• EXERCISE
Write out the records once more, exactly as given.

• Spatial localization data

◇ ◇ ◇ ◇ ◇ ◇ ◇

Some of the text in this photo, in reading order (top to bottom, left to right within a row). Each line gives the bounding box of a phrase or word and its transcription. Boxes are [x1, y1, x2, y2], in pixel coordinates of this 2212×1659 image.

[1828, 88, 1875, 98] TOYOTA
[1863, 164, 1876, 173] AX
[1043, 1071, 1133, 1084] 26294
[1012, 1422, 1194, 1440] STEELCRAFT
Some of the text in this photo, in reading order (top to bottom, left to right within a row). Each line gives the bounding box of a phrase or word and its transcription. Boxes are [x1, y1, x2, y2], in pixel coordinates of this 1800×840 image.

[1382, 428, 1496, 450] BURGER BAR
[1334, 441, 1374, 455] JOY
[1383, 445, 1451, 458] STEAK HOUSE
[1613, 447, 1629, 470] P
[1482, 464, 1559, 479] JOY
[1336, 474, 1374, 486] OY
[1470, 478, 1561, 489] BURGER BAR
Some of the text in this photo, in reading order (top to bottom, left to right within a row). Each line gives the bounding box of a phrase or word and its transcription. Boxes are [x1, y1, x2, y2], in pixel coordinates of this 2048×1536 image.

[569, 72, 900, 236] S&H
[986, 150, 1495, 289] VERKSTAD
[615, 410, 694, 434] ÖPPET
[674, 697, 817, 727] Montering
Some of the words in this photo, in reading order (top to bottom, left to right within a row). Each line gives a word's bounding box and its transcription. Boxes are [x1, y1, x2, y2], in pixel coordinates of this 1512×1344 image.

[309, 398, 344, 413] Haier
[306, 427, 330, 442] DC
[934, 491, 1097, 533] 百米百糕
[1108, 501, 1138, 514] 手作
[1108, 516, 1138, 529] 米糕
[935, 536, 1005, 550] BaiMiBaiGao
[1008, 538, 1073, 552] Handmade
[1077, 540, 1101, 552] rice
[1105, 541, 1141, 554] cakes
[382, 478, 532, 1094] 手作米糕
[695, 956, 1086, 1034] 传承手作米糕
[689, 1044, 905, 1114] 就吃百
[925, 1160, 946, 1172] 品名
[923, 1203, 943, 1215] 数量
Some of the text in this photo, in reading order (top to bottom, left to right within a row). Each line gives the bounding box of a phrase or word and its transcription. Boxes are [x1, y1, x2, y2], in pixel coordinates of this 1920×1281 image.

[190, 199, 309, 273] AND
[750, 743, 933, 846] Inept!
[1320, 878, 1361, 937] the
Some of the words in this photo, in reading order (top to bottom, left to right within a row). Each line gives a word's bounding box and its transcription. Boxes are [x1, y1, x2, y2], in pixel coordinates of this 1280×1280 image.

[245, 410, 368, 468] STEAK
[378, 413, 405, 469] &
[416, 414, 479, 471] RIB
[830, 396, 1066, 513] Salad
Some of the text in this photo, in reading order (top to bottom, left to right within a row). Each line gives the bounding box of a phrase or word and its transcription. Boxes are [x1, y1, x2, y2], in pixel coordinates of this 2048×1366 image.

◇ ◇ ◇ ◇ ◇ ◇ ◇

• WORKED SOLUTION
Some of the text in this photo, in reading order (top to bottom, left to right within a row). Each line gives the bounding box of a phrase or word and its transcription. Boxes are [x1, y1, x2, y2], in pixel coordinates of this 2212×1659 image.

[1828, 88, 1875, 98] TOYOTA
[1863, 164, 1876, 173] AX
[1043, 1071, 1133, 1084] 26294
[1012, 1422, 1194, 1440] STEELCRAFT
Some of the text in this photo, in reading order (top to bottom, left to right within a row). Each line gives the bounding box of a phrase or word and its transcription. Boxes are [x1, y1, x2, y2], in pixel coordinates of this 1800×840 image.

[1382, 428, 1496, 450] BURGER BAR
[1334, 441, 1374, 455] JOY
[1383, 445, 1451, 458] STEAK HOUSE
[1613, 447, 1629, 470] P
[1482, 464, 1559, 479] JOY
[1336, 474, 1374, 486] OY
[1470, 478, 1561, 489] BURGER BAR
Some of the text in this photo, in reading order (top to bottom, left to right within a row). Each line gives the bounding box of a phrase or word and its transcription. Boxes are [x1, y1, x2, y2], in pixel coordinates of this 2048×1536 image.

[569, 72, 900, 236] S&H
[986, 150, 1495, 289] VERKSTAD
[615, 410, 694, 434] ÖPPET
[674, 697, 817, 727] Montering
Some of the words in this photo, in reading order (top to bottom, left to right within a row). Each line gives a word's bounding box and its transcription. Boxes are [x1, y1, x2, y2], in pixel coordinates of this 1512×1344 image.

[309, 398, 344, 413] Haier
[306, 427, 330, 442] DC
[934, 491, 1097, 533] 百米百糕
[1108, 501, 1138, 514] 手作
[1108, 516, 1138, 529] 米糕
[935, 536, 1005, 550] BaiMiBaiGao
[1008, 538, 1073, 552] Handmade
[1077, 540, 1101, 552] rice
[1105, 541, 1141, 554] cakes
[382, 478, 532, 1094] 手作米糕
[695, 956, 1086, 1034] 传承手作米糕
[689, 1044, 905, 1114] 就吃百
[925, 1160, 946, 1172] 品名
[923, 1203, 943, 1215] 数量
Some of the text in this photo, in reading order (top to bottom, left to right within a row). Each line gives the bounding box of a phrase or word and its transcription. Boxes are [x1, y1, x2, y2], in pixel coordinates of this 1920×1281 image.

[190, 199, 309, 273] AND
[750, 743, 933, 846] Inept!
[1320, 878, 1361, 937] the
Some of the words in this photo, in reading order (top to bottom, left to right within a row). Each line gives a word's bounding box and its transcription. Boxes are [x1, y1, x2, y2], in pixel coordinates of this 1280×1280 image.

[245, 410, 368, 468] STEAK
[378, 413, 405, 469] &
[416, 414, 479, 471] RIB
[830, 396, 1066, 513] Salad
Some of the text in this photo, in reading order (top to bottom, left to right within a row). Each line gives the bounding box of a phrase or word and its transcription. Boxes are [x1, y1, x2, y2], in pixel coordinates of this 2048×1366 image.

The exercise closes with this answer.